ConfigMap Configuration

When using ConfigMap configuration, you can specify maxSurge and maxUnavailable values directly. These values are applied to the Kubernetes deployment strategy when defaultDeploymentMode is set to "Standard".

Configuration

Method 1: Direct DeploymentStrategy Configuration (Recommended)

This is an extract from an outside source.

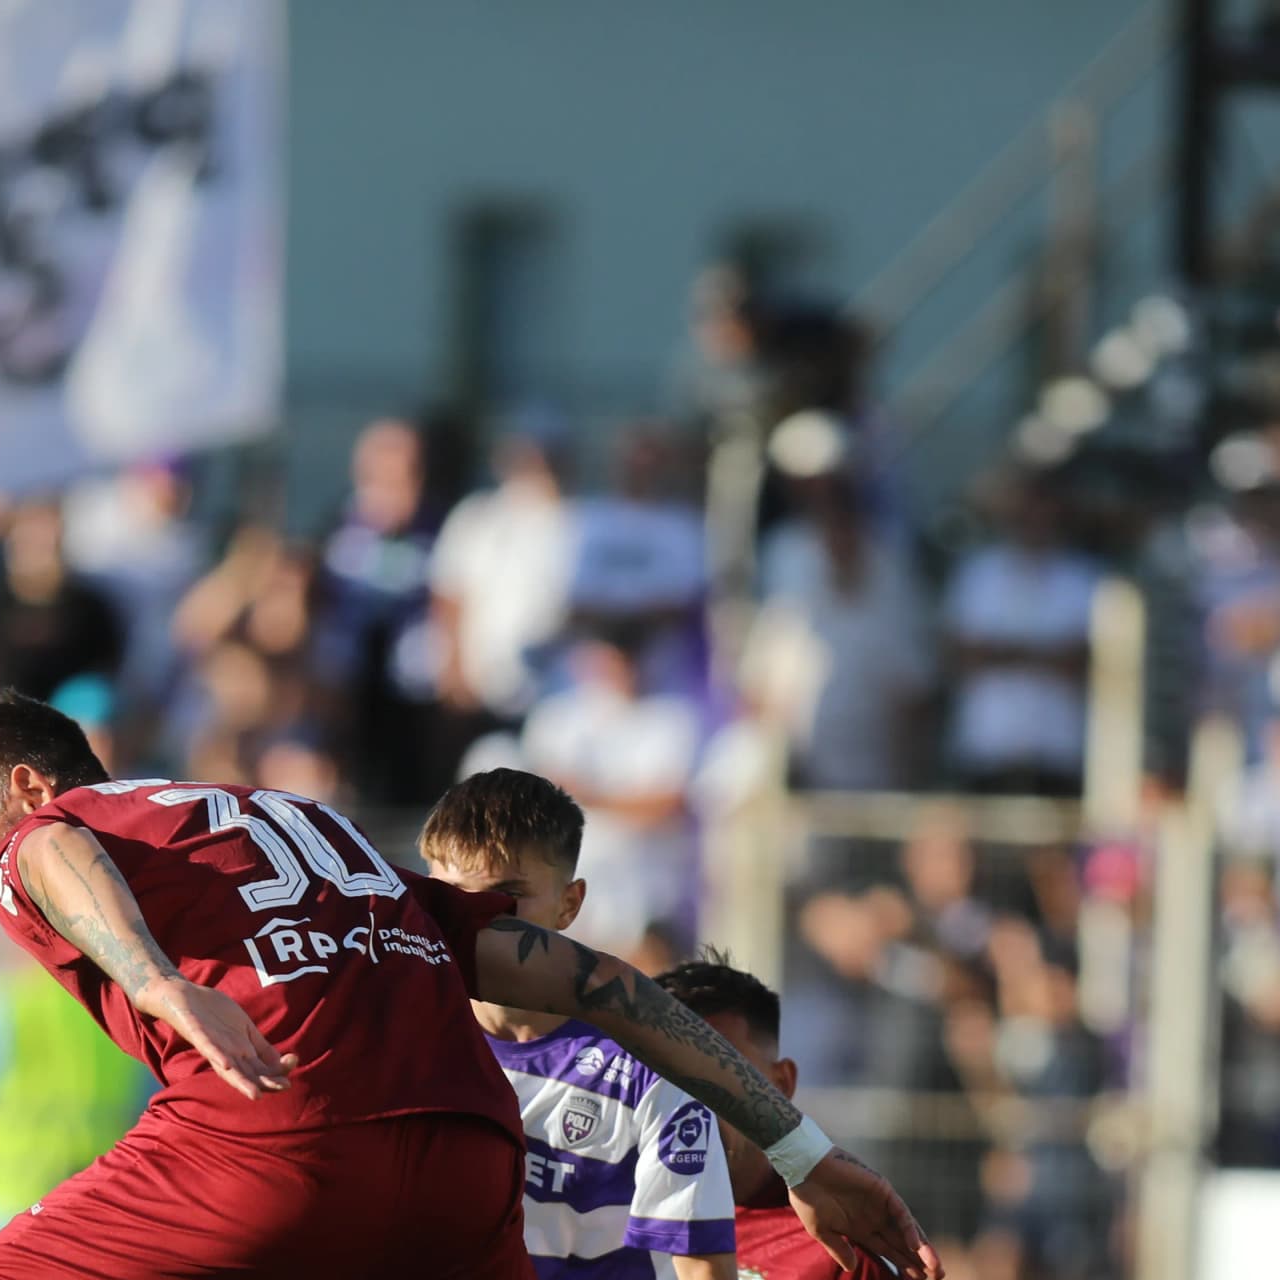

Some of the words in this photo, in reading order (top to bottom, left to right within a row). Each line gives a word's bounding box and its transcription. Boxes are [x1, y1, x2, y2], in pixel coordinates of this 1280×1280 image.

You can configure Kubernetes deployment strategy directly at the component level:

apiVersion: serving.kserve.io/v1beta1
kind: InferenceService
metadata:
  name: deployment-strategy-example
  namespace: default
  annotations:
    serving.kserve.io/deploymentMode: "Standard"
spec:
  predictor:
    model:
      modelFormat:
        name: sklearn
      storageUri: "s3://my-bucket/model"
    # Direct Kubernetes deployment strategy configuration
    deploymentStrategy:
      type: RollingUpdate
      rollingUpdate:
        maxUnavailable: "0"      # High availability
        maxSurge: "1"            # Allow one extra pod
    
  transformer:
    custom:
      container:
        image: my-transformer:latest
    # Resource-efficient deployment strategy
    deploymentStrategy:
      type: RollingUpdate
      rollingUpdate:
        maxSurge: "0"            # Resource efficient
        maxUnavailable: "1"      # Allow one pod to be unavailable

Method 2: ConfigMap Default Configuration

Configure defaults in the KServe ConfigMap that apply when no user-defined deployment strategy is specified and defaultDeploymentMode is set to "Standard":

apiVersion: v1
kind: ConfigMap
metadata:
  name: inferenceservice-config
  namespace: kserve
data:
  deploy: |-
    {
      "defaultDeploymentMode": "Standard",
      "deploymentRolloutStrategy": {
        "defaultRollout": {
          "mode": "Availability",
          "maxSurge": "1",
          "maxUnavailable": "1"
        }
      }
    }

Rollout Strategy Modes

KServe supports two main rollout strategy approaches that you can configure either globally via ConfigMap or per-service via deploymentStrategy:

Availability Mode (Zero Downtime)

Purpose: Ensures high availability during deployments by launching new pods first
Configuration: Set maxUnavailable: "0" and maxSurge to desired value/percentage
Behavior: New pods are created before old pods are terminated
Use Case: Production environments where downtime is not acceptable

ResourceAware Mode (Resource Efficient)

Purpose: Optimizes resource usage during deployments by terminating old pods first
Configuration: Set maxSurge: "0" and maxUnavailable to desired value/percentage
Behavior: Old pods are terminated before new pods are created
Use Case: Resource-constrained environments or cost optimization

Configuration Parameters

For both direct deploymentStrategy and ConfigMap configuration:

maxSurge: Maximum number of pods that can be created above the desired replica count (e.g., "1", "25%")
maxUnavailable: Maximum number of pods that can be unavailable during update (e.g., "1", "25%")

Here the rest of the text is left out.